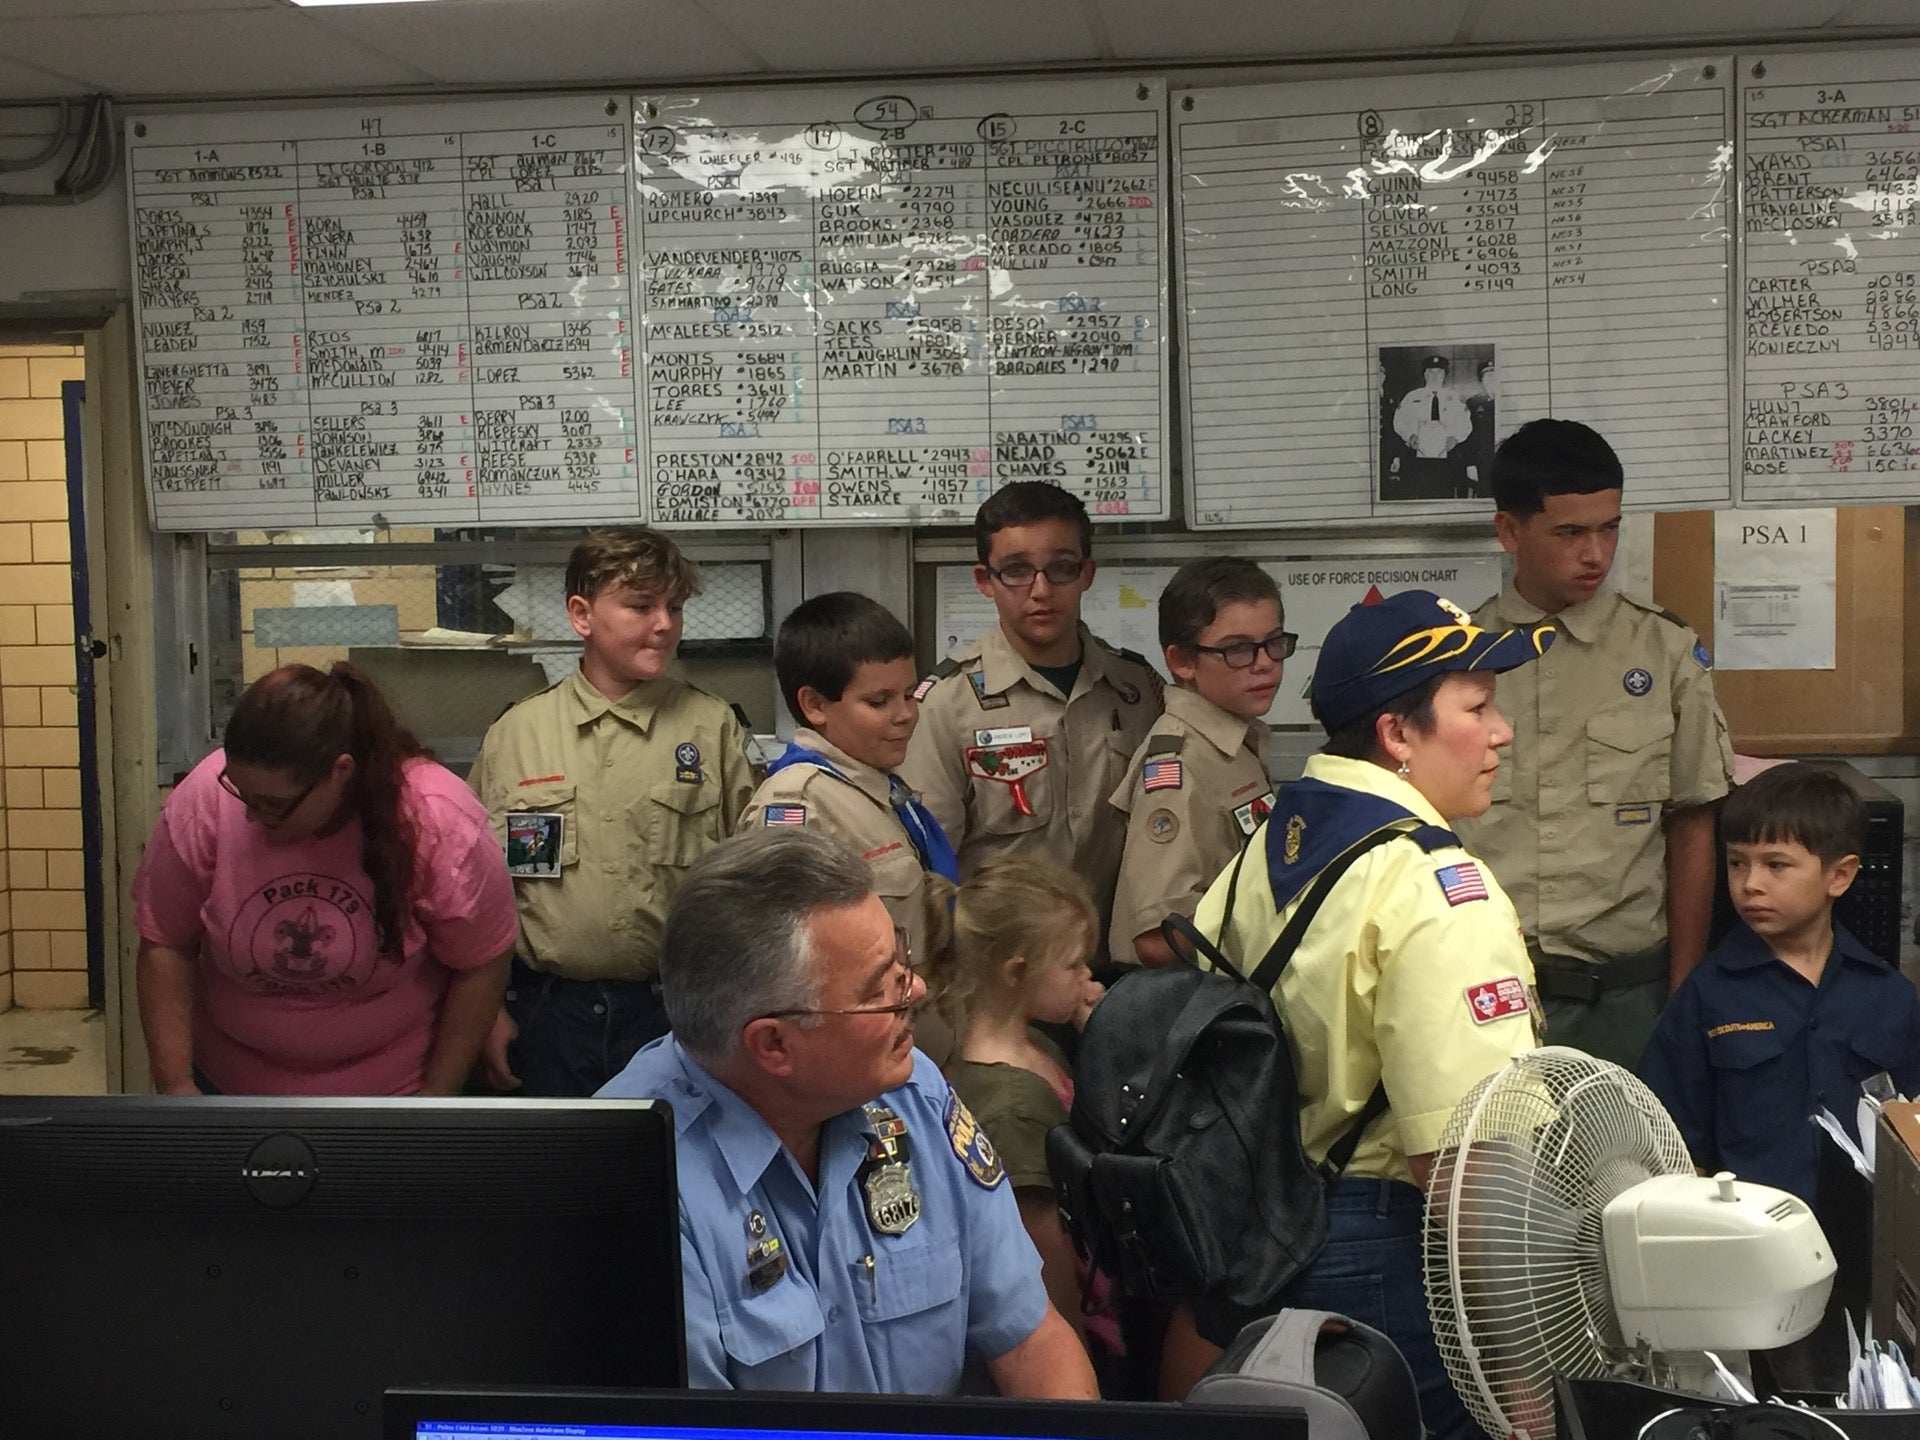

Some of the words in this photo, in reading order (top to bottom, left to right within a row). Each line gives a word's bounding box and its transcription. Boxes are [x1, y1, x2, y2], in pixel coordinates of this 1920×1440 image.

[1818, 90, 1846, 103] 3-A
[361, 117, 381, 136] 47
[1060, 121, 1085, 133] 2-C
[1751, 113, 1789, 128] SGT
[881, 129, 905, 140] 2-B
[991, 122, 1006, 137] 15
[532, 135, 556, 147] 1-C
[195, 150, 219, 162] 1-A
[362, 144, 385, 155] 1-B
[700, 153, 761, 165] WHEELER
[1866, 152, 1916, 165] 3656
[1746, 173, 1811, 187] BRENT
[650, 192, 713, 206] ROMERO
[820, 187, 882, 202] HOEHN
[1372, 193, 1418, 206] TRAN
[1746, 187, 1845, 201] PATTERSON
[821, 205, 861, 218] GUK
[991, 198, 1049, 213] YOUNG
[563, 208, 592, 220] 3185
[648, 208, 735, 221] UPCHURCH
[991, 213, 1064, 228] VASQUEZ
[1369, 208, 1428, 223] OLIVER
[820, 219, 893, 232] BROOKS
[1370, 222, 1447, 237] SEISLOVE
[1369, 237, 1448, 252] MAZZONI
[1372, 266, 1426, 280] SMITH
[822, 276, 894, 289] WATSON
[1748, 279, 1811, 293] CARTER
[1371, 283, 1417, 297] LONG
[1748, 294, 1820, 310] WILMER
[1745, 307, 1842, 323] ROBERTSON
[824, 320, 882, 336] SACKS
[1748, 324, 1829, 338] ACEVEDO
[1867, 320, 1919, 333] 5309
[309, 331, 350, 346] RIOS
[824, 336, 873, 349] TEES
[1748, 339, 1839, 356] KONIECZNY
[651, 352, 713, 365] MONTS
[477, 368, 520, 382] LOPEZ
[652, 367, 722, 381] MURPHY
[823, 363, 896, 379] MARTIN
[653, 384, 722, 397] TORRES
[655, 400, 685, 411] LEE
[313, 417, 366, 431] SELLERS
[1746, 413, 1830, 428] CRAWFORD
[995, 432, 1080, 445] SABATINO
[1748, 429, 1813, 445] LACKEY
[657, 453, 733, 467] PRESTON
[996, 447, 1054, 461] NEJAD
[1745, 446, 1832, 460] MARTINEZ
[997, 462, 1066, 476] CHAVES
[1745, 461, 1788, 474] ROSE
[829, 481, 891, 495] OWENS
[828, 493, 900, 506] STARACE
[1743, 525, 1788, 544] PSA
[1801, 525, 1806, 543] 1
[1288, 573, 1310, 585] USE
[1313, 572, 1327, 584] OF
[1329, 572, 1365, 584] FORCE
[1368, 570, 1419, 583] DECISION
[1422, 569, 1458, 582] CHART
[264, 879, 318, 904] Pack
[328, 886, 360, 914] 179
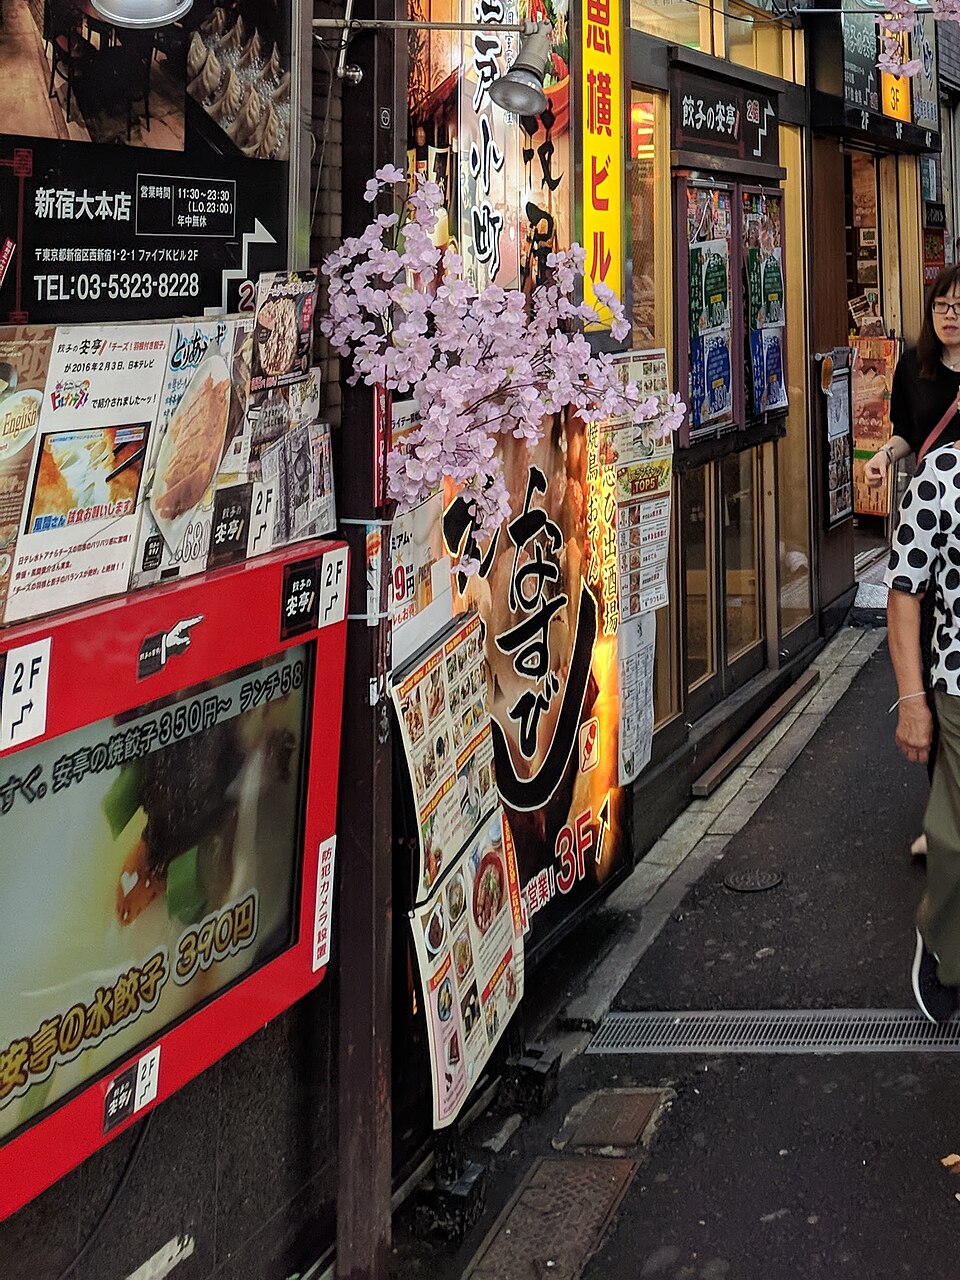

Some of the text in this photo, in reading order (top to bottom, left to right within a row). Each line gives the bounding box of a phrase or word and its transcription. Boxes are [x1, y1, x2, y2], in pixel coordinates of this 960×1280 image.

- - - - -

> _What you will do_
Leaving images out, please output every line of the data exactly.

> _Response area_
Some of the words in this photo, in reading order (top to bottom, left to right within a row). Each line gives a word's bounding box and its transcription. Boxes are [x1, y1, x2, y2], in pixel coordinates of this 1920×1440 image.

[1818, 90, 1846, 103] 3-A
[361, 117, 381, 136] 47
[1060, 121, 1085, 133] 2-C
[1751, 113, 1789, 128] SGT
[881, 129, 905, 140] 2-B
[991, 122, 1006, 137] 15
[532, 135, 556, 147] 1-C
[195, 150, 219, 162] 1-A
[362, 144, 385, 155] 1-B
[700, 153, 761, 165] WHEELER
[1866, 152, 1916, 165] 3656
[1746, 173, 1811, 187] BRENT
[650, 192, 713, 206] ROMERO
[820, 187, 882, 202] HOEHN
[1372, 193, 1418, 206] TRAN
[1746, 187, 1845, 201] PATTERSON
[821, 205, 861, 218] GUK
[991, 198, 1049, 213] YOUNG
[563, 208, 592, 220] 3185
[648, 208, 735, 221] UPCHURCH
[991, 213, 1064, 228] VASQUEZ
[1369, 208, 1428, 223] OLIVER
[820, 219, 893, 232] BROOKS
[1370, 222, 1447, 237] SEISLOVE
[1369, 237, 1448, 252] MAZZONI
[1372, 266, 1426, 280] SMITH
[822, 276, 894, 289] WATSON
[1748, 279, 1811, 293] CARTER
[1371, 283, 1417, 297] LONG
[1748, 294, 1820, 310] WILMER
[1745, 307, 1842, 323] ROBERTSON
[824, 320, 882, 336] SACKS
[1748, 324, 1829, 338] ACEVEDO
[1867, 320, 1919, 333] 5309
[309, 331, 350, 346] RIOS
[824, 336, 873, 349] TEES
[1748, 339, 1839, 356] KONIECZNY
[651, 352, 713, 365] MONTS
[477, 368, 520, 382] LOPEZ
[652, 367, 722, 381] MURPHY
[823, 363, 896, 379] MARTIN
[653, 384, 722, 397] TORRES
[655, 400, 685, 411] LEE
[313, 417, 366, 431] SELLERS
[1746, 413, 1830, 428] CRAWFORD
[995, 432, 1080, 445] SABATINO
[1748, 429, 1813, 445] LACKEY
[657, 453, 733, 467] PRESTON
[996, 447, 1054, 461] NEJAD
[1745, 446, 1832, 460] MARTINEZ
[997, 462, 1066, 476] CHAVES
[1745, 461, 1788, 474] ROSE
[829, 481, 891, 495] OWENS
[828, 493, 900, 506] STARACE
[1743, 525, 1788, 544] PSA
[1801, 525, 1806, 543] 1
[1288, 573, 1310, 585] USE
[1313, 572, 1327, 584] OF
[1329, 572, 1365, 584] FORCE
[1368, 570, 1419, 583] DECISION
[1422, 569, 1458, 582] CHART
[264, 879, 318, 904] Pack
[328, 886, 360, 914] 179

Some of the text in this photo, in reading order (top to bottom, left to right within a row). Each line gives the bounding box of a phrase or word and its transcription. Boxes are [x1, y1, x2, y2], in pixel coordinates of this 960×1280 image.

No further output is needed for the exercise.